Perdu au milieu de la foule, Mizuchi n’arrivait pas bien à voir vers où il se dirigeait. Mesurant seulement 1m80, la plupart des autres étudiants lui cachaient la vue. Conséquence de plusieurs siècles dans l’espace, la plupart des êtres humains avaient gagné en taille à cause du manque de pesanteur, malheureusement Mizuchi ne faisait pas partie de ceux-là. Le jeune homme leva les yeux vers la tour, en face de lui. Il savait qu’elle était située sur la droite de l’école et dominait l’esplanade derrière lui. Elle ferait un bon point de repère. Il en conclut qu’il n’était pas très loin des grilles d’entrée. Quelqu’un le bouscula, sans s’excuser.
Tout le monde essayait de garder son calme et d’avancer de façon raisonnée. Les portes venaient d’ouvrir. Mizuchi progressait en piétinant. Il faisait chaud au milieu de la foule. Soudain, des exclamations de voix se firent entendre sur sa droite, accompagnées par le bruit strident d’un émographe qui a dépassé le seuil légal. C’est le signal qu’attendaient les antesignes. Mizuchi eut à peine le temps de les voir se saisirent du fauteur de troubles pour l’emmener avec eux. Ils partirent rapidement à bord d’un feton, véhicule d’intervention de la police des émotions. La scène avait duré moins de cinq minutes et le speeder blindé était déjà loin.
L’avancée de la foule continua et Mizuchi s’engouffra enfin entre les grandes grilles marquant l’entrée de l’école. Elles paraissaient particulièrement solides, en irinium probablement, un métal extrêmement résistant qui pouvait supporter des températures élevées et à l’épreuve de nombreux explosifs. A l’origine, le bâtiment devait en effet abriter un corps diplomatique. La protection des locaux était donc essentielle.
Mizuchi arriva finalement dans un grand hall. Immense. Les bruits de pas et les voix résonnaient. L’aspect extérieur de l’école ne laissait pas présager un tel espace. Le jeune homme jeta un œil à son émographe : 66. L’anxiété allait décroître à présent. Il se mit à chercher quelque chose susceptible de lui faire retrouver sa concentration. C’est alors qu’il les vit : deux silhouettes identiques. Deux chevelures châtain foncé qui descendaient jusqu’en bas du dos. Discrètement, il se rapprocha d’elles. Comme mu par un même instinct, les deux personnes se retournèrent. Un même regard vert de glace se posa sur Mizuchi.

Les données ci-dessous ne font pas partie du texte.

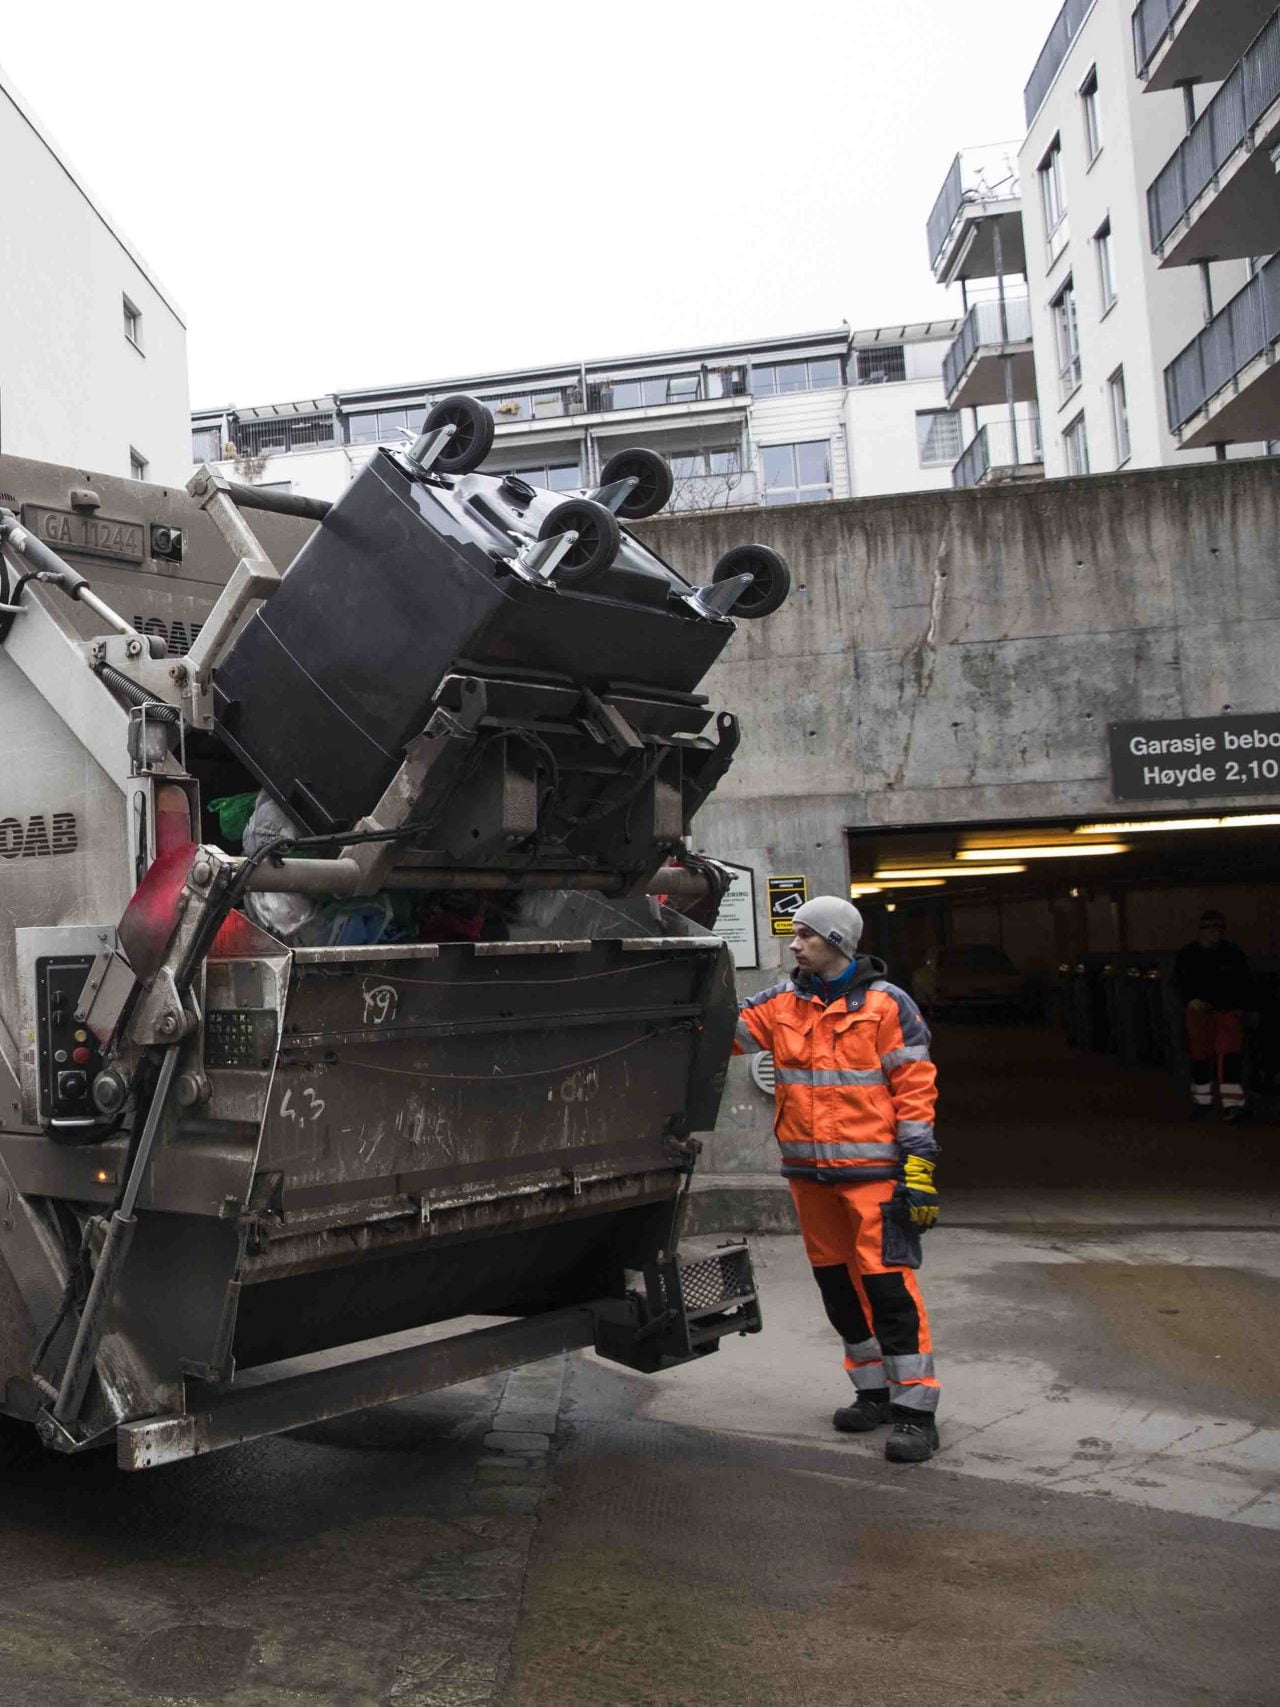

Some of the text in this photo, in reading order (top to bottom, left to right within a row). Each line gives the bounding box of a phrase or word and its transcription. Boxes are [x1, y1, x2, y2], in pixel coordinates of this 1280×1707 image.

[44, 514, 138, 551] GA 11244
[1129, 733, 1217, 756] Garasje
[1143, 759, 1279, 787] Høyde 2,10
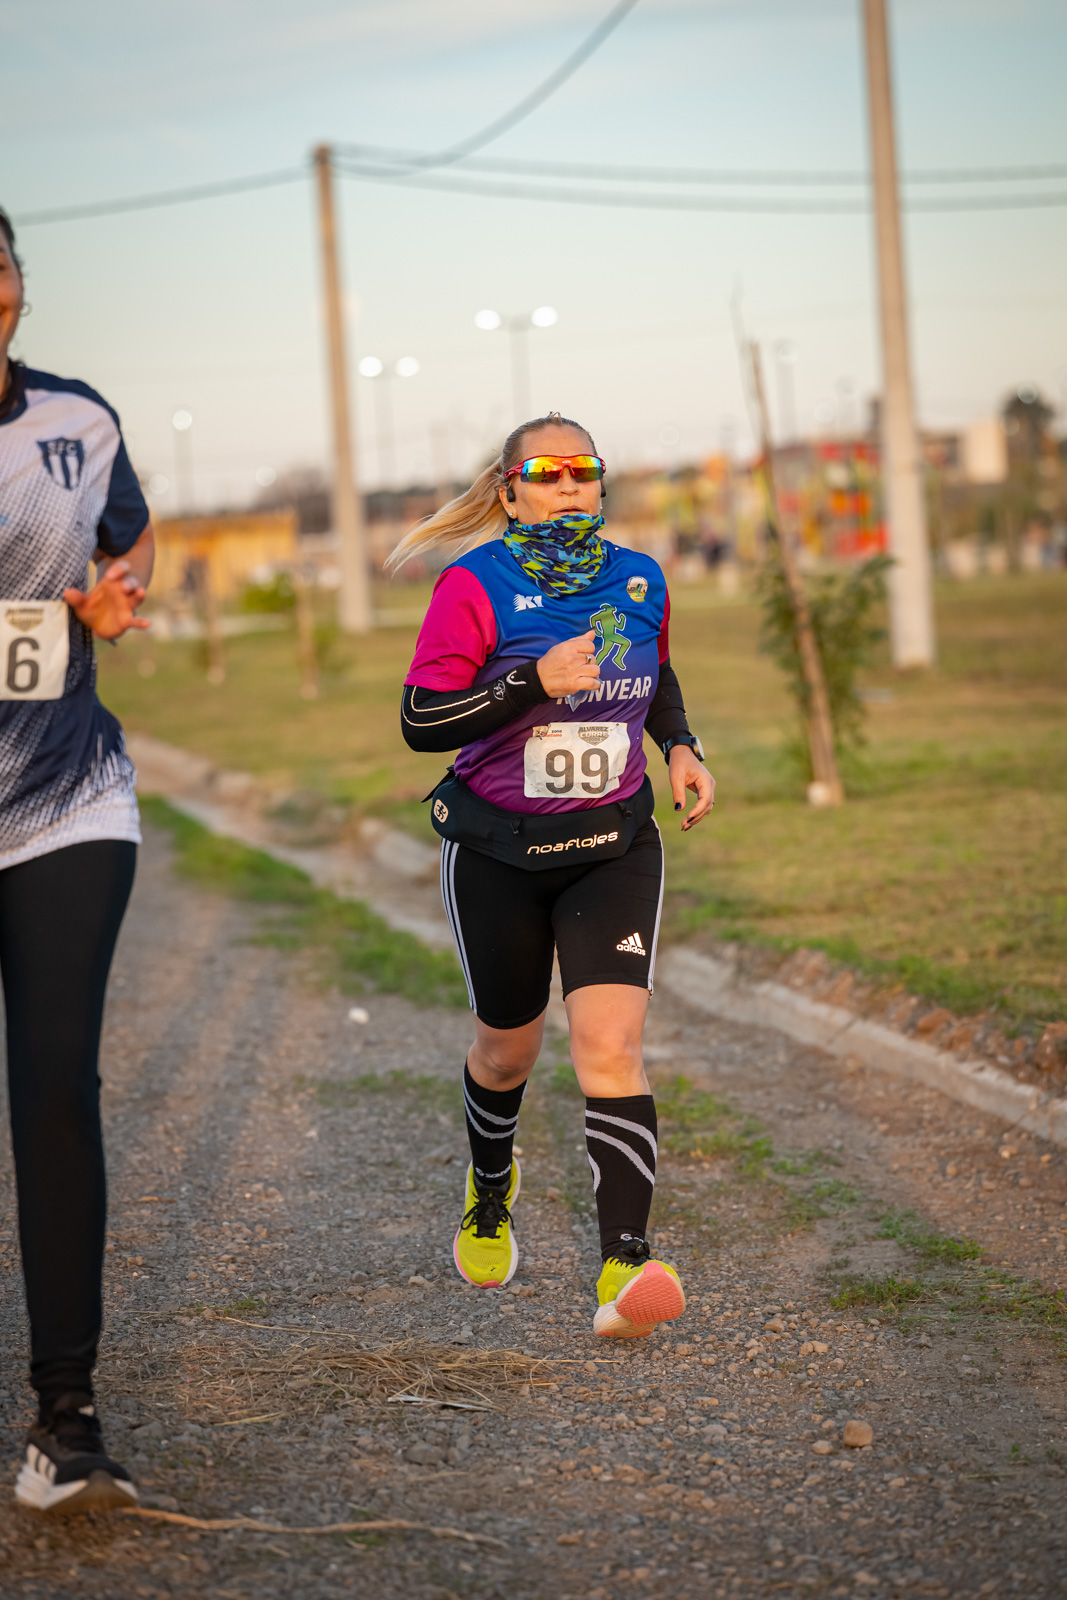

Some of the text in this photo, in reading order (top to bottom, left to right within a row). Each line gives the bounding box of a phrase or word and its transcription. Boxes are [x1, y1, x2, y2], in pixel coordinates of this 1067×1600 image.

[6, 637, 40, 693] 6
[545, 748, 609, 794] 99
[526, 831, 619, 855] noaflojes
[616, 944, 646, 956] adidas

- Bonjour ! lança-t-il quelque peu surpris.
- Tiens…, commença Anka.
- …Mizuchi, acheva Zabka.
- Ainsi vous étiez sérieuses quand vous disiez vous intéresser à cette école, dit-il.
- Nous sommes toujours sérieuses, rétorqua Anka.
- Tu devrais le savoir depuis le temps que l’on se connait Mizu poursuivit Zabka.
Elles arboraient la même moue impassible.
- Oui… c’est sûr, admit le jeune homme en bredouillant.
- Nous avons quand même passé toute notre scolarité à tes côtés, renchérit Anka.
Mizuchi ne répondit pas. Certes, ils connaissaient les deux jeunes femmes mais il n’arrivait pas à les cerner. Il avait toujours cette sensation étrange en les voyant qu’elles évoluaient à contre-courant. A leur contact, on se sentait presque hors du temps. De fait, à les regarder, elles créaient autour d’elle une sorte de bulle ; les gens s’écartaient presque sur leur passage sans même les voir. Elles avaient leur dimension, un univers à elles avec sa volonté propre et pourtant intégré à ce que Mizuchi considérait comme le monde réel.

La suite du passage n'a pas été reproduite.